**EXERCISE BRIEF**
Transcribe each of the records below exactly, excluding all pictures.

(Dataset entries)

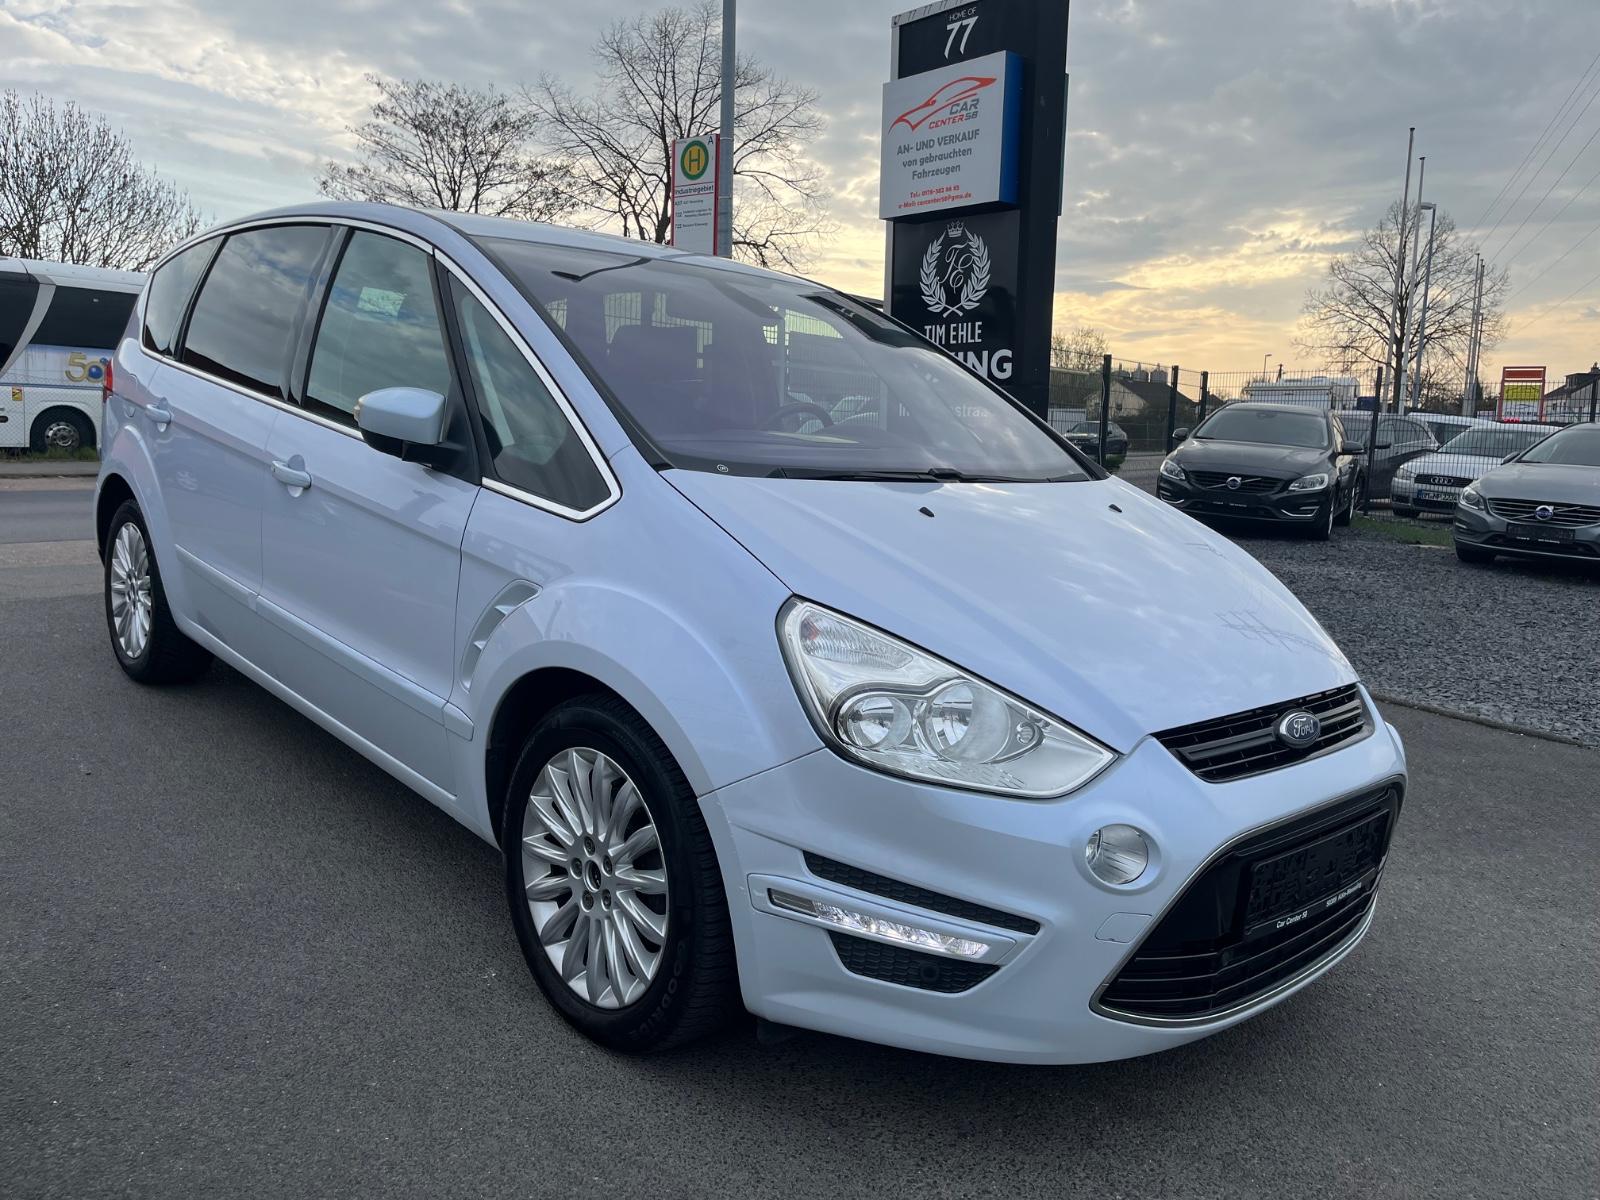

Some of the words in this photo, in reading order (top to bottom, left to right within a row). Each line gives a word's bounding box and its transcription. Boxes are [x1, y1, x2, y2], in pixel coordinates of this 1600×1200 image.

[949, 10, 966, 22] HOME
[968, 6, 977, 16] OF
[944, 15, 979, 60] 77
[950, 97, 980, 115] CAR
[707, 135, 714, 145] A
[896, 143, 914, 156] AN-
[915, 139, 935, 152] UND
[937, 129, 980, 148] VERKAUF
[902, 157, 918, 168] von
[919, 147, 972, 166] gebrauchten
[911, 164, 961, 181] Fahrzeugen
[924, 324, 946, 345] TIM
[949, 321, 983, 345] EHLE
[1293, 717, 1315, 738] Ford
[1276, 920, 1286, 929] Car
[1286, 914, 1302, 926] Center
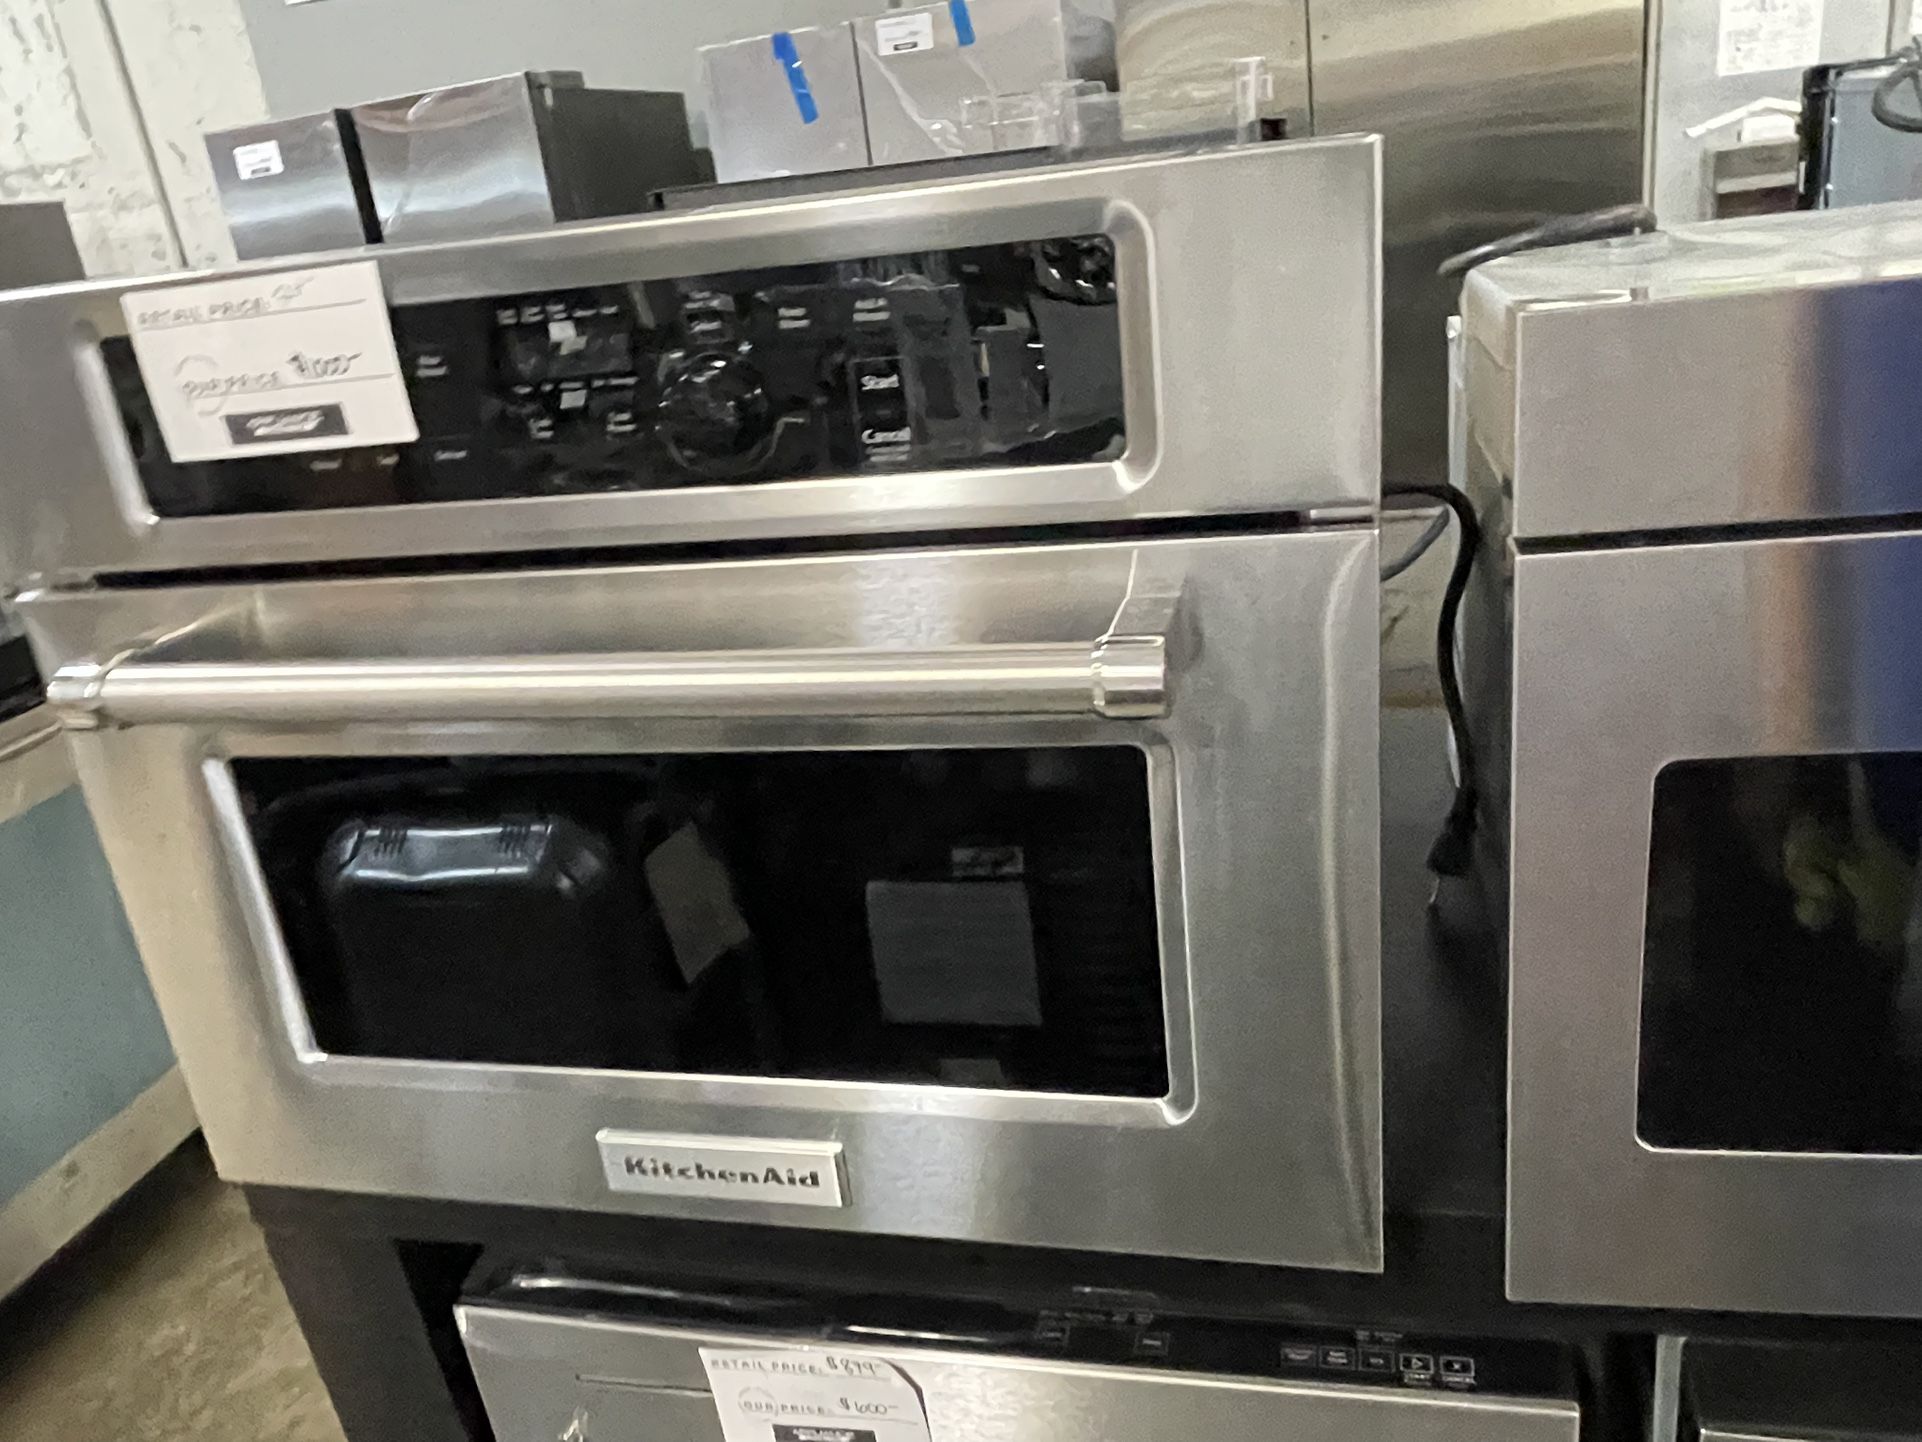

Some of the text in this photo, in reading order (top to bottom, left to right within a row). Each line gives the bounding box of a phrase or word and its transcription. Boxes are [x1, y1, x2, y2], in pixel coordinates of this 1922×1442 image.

**ANSWER TO THE EXERCISE**
Some of the words in this photo, in reading order (top to bottom, left to right within a row). Each line gives a word's bounding box and its transcription. Boxes are [x1, y1, x2, y2], in pixel coordinates of this 1600×1200 image.

[949, 10, 966, 22] HOME
[968, 6, 977, 16] OF
[944, 15, 979, 60] 77
[950, 97, 980, 115] CAR
[707, 135, 714, 145] A
[896, 143, 914, 156] AN-
[915, 139, 935, 152] UND
[937, 129, 980, 148] VERKAUF
[902, 157, 918, 168] von
[919, 147, 972, 166] gebrauchten
[911, 164, 961, 181] Fahrzeugen
[924, 324, 946, 345] TIM
[949, 321, 983, 345] EHLE
[1293, 717, 1315, 738] Ford
[1276, 920, 1286, 929] Car
[1286, 914, 1302, 926] Center

Some of the text in this photo, in reading order (top to bottom, left to right within a row). Each line gives the bounding box of a phrase or word and its transcription. Boxes are [x1, y1, x2, y2], in pixel coordinates of this 1922×1442 image.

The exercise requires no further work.